[DATA TO USE]

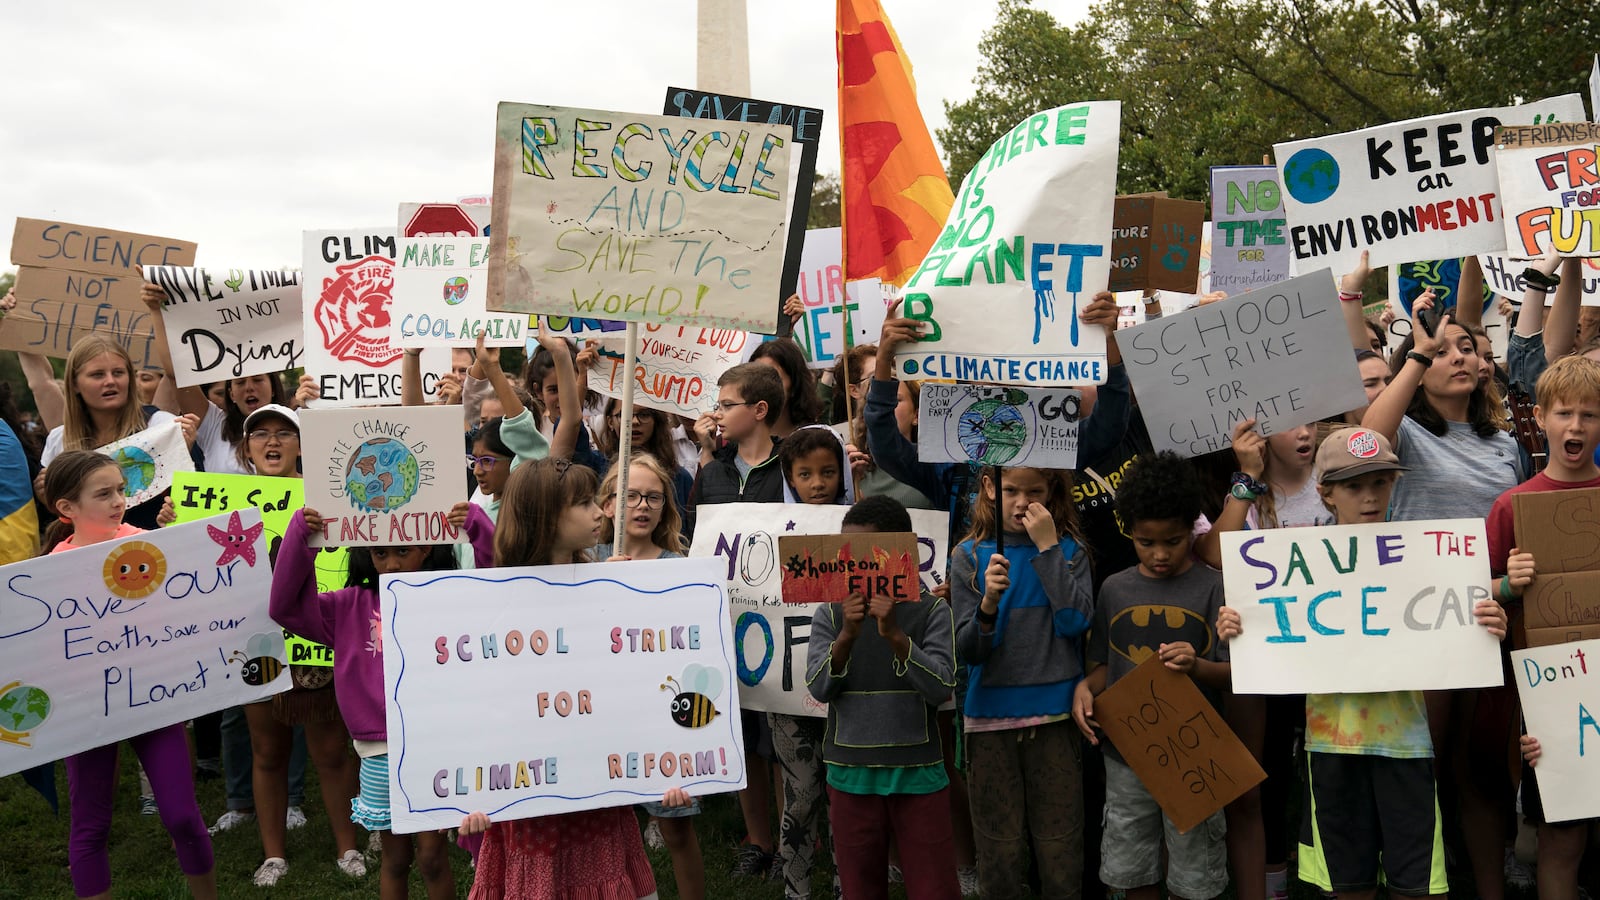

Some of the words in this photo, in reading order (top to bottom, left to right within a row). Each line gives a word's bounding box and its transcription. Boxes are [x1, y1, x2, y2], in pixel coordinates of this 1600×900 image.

[674, 91, 760, 123] SAVE
[767, 104, 820, 141] ME
[966, 105, 1090, 186] THERE
[1366, 116, 1503, 181] KEEP
[1501, 123, 1600, 147] #FRIDAYSFO
[520, 116, 785, 201] RECYCLE
[957, 175, 987, 221] IS
[1226, 179, 1281, 215] NO
[1416, 170, 1453, 193] an
[585, 185, 687, 233] AND
[1290, 192, 1504, 261] ENVIRONMENT
[38, 225, 184, 269] SCIENCE
[935, 205, 995, 253] NO
[1111, 224, 1149, 240] TURE
[1217, 218, 1287, 248] TIME
[1515, 205, 1600, 257] FUT
[321, 235, 397, 264] CLIM
[402, 242, 455, 268] MAKE
[469, 243, 491, 268] EA
[543, 227, 656, 273] SAVE
[907, 235, 1104, 294] PLANET
[1109, 255, 1139, 270] NDS
[1237, 249, 1265, 263] FOR
[65, 274, 121, 301] NOT
[357, 267, 393, 281] FIRE
[800, 264, 852, 307] UR
[1485, 255, 1527, 293] the
[216, 305, 243, 326] IN
[246, 297, 281, 319] NOT
[400, 313, 456, 339] COOL
[459, 317, 522, 340] AGAIN
[902, 292, 943, 343] B
[1132, 292, 1327, 366] SCHOOL
[355, 342, 391, 353] VOLUNTE
[641, 337, 703, 364] YOURSELF
[791, 302, 860, 364] NET
[180, 328, 305, 377] Dying
[922, 355, 1020, 381] CLIMATE
[1024, 359, 1101, 382] CHANGE
[1170, 331, 1303, 387] STRIKE
[605, 355, 703, 405] TRUMP
[1205, 379, 1248, 408] FOR
[929, 398, 951, 409] COW
[1037, 394, 1081, 424] GO
[1168, 388, 1305, 445] CLIMATE
[353, 419, 410, 441] CHANGE
[410, 440, 429, 454] IS
[1039, 424, 1078, 438] VEGAN
[1189, 420, 1273, 456] CHAE
[328, 439, 352, 499] CLIMATE
[418, 460, 436, 489] REAL
[180, 485, 229, 511] It's
[246, 489, 292, 513] Sad
[321, 513, 379, 543] TAKE
[388, 511, 460, 543] ACTION
[1239, 534, 1406, 591] SAVE
[1423, 530, 1477, 557] THE
[731, 596, 759, 611] ruining
[848, 574, 908, 600] FIRE
[0, 573, 147, 640] Save
[1258, 586, 1391, 644] ICE
[1402, 585, 1489, 631] CAP
[63, 624, 159, 660] Earth,
[208, 615, 248, 633] our
[291, 643, 334, 663] DATE
[435, 627, 570, 666] SCHOOL
[610, 624, 702, 654] STRIKE
[1522, 647, 1589, 689] Don't
[536, 689, 594, 719] FOR
[432, 756, 559, 799] CLIMATE
[607, 746, 729, 780] REFORM!
[1181, 757, 1238, 800] We

[/DATA TO USE]

→ **WHAT TO WORK ON**:
Leave out all pictures, then copy the remaining material exactly.

→ **REPLY**:
Some of the words in this photo, in reading order (top to bottom, left to right within a row). Each line gives a word's bounding box and its transcription. Boxes are [x1, y1, x2, y2], in pixel coordinates of this 1600×900 image.

[674, 91, 760, 123] SAVE
[767, 104, 820, 141] ME
[966, 105, 1090, 186] THERE
[1366, 116, 1503, 181] KEEP
[1501, 123, 1600, 147] #FRIDAYSFO
[520, 116, 785, 201] RECYCLE
[957, 175, 987, 221] IS
[1226, 179, 1281, 215] NO
[1416, 170, 1453, 193] an
[585, 185, 687, 233] AND
[1290, 192, 1504, 261] ENVIRONMENT
[38, 225, 184, 269] SCIENCE
[935, 205, 995, 253] NO
[1111, 224, 1149, 240] TURE
[1217, 218, 1287, 248] TIME
[1515, 205, 1600, 257] FUT
[321, 235, 397, 264] CLIM
[402, 242, 455, 268] MAKE
[469, 243, 491, 268] EA
[543, 227, 656, 273] SAVE
[907, 235, 1104, 294] PLANET
[1109, 255, 1139, 270] NDS
[1237, 249, 1265, 263] FOR
[65, 274, 121, 301] NOT
[357, 267, 393, 281] FIRE
[800, 264, 852, 307] UR
[1485, 255, 1527, 293] the
[216, 305, 243, 326] IN
[246, 297, 281, 319] NOT
[400, 313, 456, 339] COOL
[459, 317, 522, 340] AGAIN
[902, 292, 943, 343] B
[1132, 292, 1327, 366] SCHOOL
[355, 342, 391, 353] VOLUNTE
[641, 337, 703, 364] YOURSELF
[791, 302, 860, 364] NET
[180, 328, 305, 377] Dying
[922, 355, 1020, 381] CLIMATE
[1024, 359, 1101, 382] CHANGE
[1170, 331, 1303, 387] STRIKE
[605, 355, 703, 405] TRUMP
[1205, 379, 1248, 408] FOR
[929, 398, 951, 409] COW
[1037, 394, 1081, 424] GO
[1168, 388, 1305, 445] CLIMATE
[353, 419, 410, 441] CHANGE
[410, 440, 429, 454] IS
[1039, 424, 1078, 438] VEGAN
[1189, 420, 1273, 456] CHAE
[328, 439, 352, 499] CLIMATE
[418, 460, 436, 489] REAL
[180, 485, 229, 511] It's
[246, 489, 292, 513] Sad
[321, 513, 379, 543] TAKE
[388, 511, 460, 543] ACTION
[1239, 534, 1406, 591] SAVE
[1423, 530, 1477, 557] THE
[731, 596, 759, 611] ruining
[848, 574, 908, 600] FIRE
[0, 573, 147, 640] Save
[1258, 586, 1391, 644] ICE
[1402, 585, 1489, 631] CAP
[63, 624, 159, 660] Earth,
[208, 615, 248, 633] our
[291, 643, 334, 663] DATE
[435, 627, 570, 666] SCHOOL
[610, 624, 702, 654] STRIKE
[1522, 647, 1589, 689] Don't
[536, 689, 594, 719] FOR
[432, 756, 559, 799] CLIMATE
[607, 746, 729, 780] REFORM!
[1181, 757, 1238, 800] We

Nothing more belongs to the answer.